_TASK_. Please print the records below word for word.

_RECORDS SUPPLIED_.
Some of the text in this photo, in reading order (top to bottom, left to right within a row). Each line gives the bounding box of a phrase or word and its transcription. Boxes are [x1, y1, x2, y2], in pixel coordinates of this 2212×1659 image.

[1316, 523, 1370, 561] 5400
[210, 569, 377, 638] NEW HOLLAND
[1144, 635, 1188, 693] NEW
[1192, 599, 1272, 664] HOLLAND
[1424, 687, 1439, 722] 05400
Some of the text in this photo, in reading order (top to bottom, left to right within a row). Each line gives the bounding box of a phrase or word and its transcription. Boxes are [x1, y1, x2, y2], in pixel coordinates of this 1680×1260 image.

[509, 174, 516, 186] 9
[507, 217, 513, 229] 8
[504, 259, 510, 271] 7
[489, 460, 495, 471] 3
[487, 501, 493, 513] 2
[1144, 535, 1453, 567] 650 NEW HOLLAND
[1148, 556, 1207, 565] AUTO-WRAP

_EXERCISE OUTPUT_.
Some of the text in this photo, in reading order (top to bottom, left to right within a row). Each line gives the bounding box of a phrase or word and its transcription. Boxes are [x1, y1, x2, y2], in pixel coordinates of this 2212×1659 image.

[1316, 523, 1370, 561] 5400
[210, 569, 377, 638] NEW HOLLAND
[1144, 635, 1188, 693] NEW
[1192, 599, 1272, 664] HOLLAND
[1424, 687, 1439, 722] 05400
Some of the text in this photo, in reading order (top to bottom, left to right within a row). Each line gives the bounding box of a phrase or word and its transcription. Boxes are [x1, y1, x2, y2], in pixel coordinates of this 1680×1260 image.

[509, 174, 516, 186] 9
[507, 217, 513, 229] 8
[504, 259, 510, 271] 7
[489, 460, 495, 471] 3
[487, 501, 493, 513] 2
[1144, 535, 1453, 567] 650 NEW HOLLAND
[1148, 556, 1207, 565] AUTO-WRAP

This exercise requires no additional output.